** Provided data follows **
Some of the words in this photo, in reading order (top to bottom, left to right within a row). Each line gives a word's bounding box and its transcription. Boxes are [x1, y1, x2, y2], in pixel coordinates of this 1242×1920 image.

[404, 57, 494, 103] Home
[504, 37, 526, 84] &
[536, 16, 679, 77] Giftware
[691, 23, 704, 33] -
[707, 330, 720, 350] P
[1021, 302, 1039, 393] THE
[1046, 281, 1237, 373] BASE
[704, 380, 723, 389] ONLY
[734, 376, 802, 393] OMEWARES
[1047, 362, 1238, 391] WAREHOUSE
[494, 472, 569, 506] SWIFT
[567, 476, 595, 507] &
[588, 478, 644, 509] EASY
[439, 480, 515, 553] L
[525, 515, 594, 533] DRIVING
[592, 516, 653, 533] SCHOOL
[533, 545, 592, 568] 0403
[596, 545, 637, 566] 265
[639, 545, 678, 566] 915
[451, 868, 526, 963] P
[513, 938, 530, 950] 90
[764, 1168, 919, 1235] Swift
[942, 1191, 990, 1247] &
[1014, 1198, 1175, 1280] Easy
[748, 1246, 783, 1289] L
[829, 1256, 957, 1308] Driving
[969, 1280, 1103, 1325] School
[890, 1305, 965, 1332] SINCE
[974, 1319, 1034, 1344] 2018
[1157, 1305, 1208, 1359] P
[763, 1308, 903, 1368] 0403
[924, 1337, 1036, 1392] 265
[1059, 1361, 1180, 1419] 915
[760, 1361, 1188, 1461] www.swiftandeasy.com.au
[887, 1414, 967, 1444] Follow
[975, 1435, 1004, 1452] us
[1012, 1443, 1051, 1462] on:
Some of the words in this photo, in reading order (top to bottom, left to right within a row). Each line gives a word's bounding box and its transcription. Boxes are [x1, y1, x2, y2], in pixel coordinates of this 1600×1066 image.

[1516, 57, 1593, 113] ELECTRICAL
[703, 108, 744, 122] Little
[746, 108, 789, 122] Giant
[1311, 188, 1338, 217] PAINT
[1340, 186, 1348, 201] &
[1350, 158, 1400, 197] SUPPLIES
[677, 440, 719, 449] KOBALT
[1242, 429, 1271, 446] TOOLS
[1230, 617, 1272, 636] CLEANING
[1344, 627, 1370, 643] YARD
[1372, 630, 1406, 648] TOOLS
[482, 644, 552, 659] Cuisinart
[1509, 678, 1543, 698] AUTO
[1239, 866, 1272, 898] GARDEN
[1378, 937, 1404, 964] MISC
** End of Provided data **
Prompt =
An exact copy of the lines from the one with "this 1600×1066 image." to the final line of the entries is all that the answer should hold.

Reply to the exercise =
Some of the words in this photo, in reading order (top to bottom, left to right within a row). Each line gives a word's bounding box and its transcription. Boxes are [x1, y1, x2, y2], in pixel coordinates of this 1600×1066 image.

[1516, 57, 1593, 113] ELECTRICAL
[703, 108, 744, 122] Little
[746, 108, 789, 122] Giant
[1311, 188, 1338, 217] PAINT
[1340, 186, 1348, 201] &
[1350, 158, 1400, 197] SUPPLIES
[677, 440, 719, 449] KOBALT
[1242, 429, 1271, 446] TOOLS
[1230, 617, 1272, 636] CLEANING
[1344, 627, 1370, 643] YARD
[1372, 630, 1406, 648] TOOLS
[482, 644, 552, 659] Cuisinart
[1509, 678, 1543, 698] AUTO
[1239, 866, 1272, 898] GARDEN
[1378, 937, 1404, 964] MISC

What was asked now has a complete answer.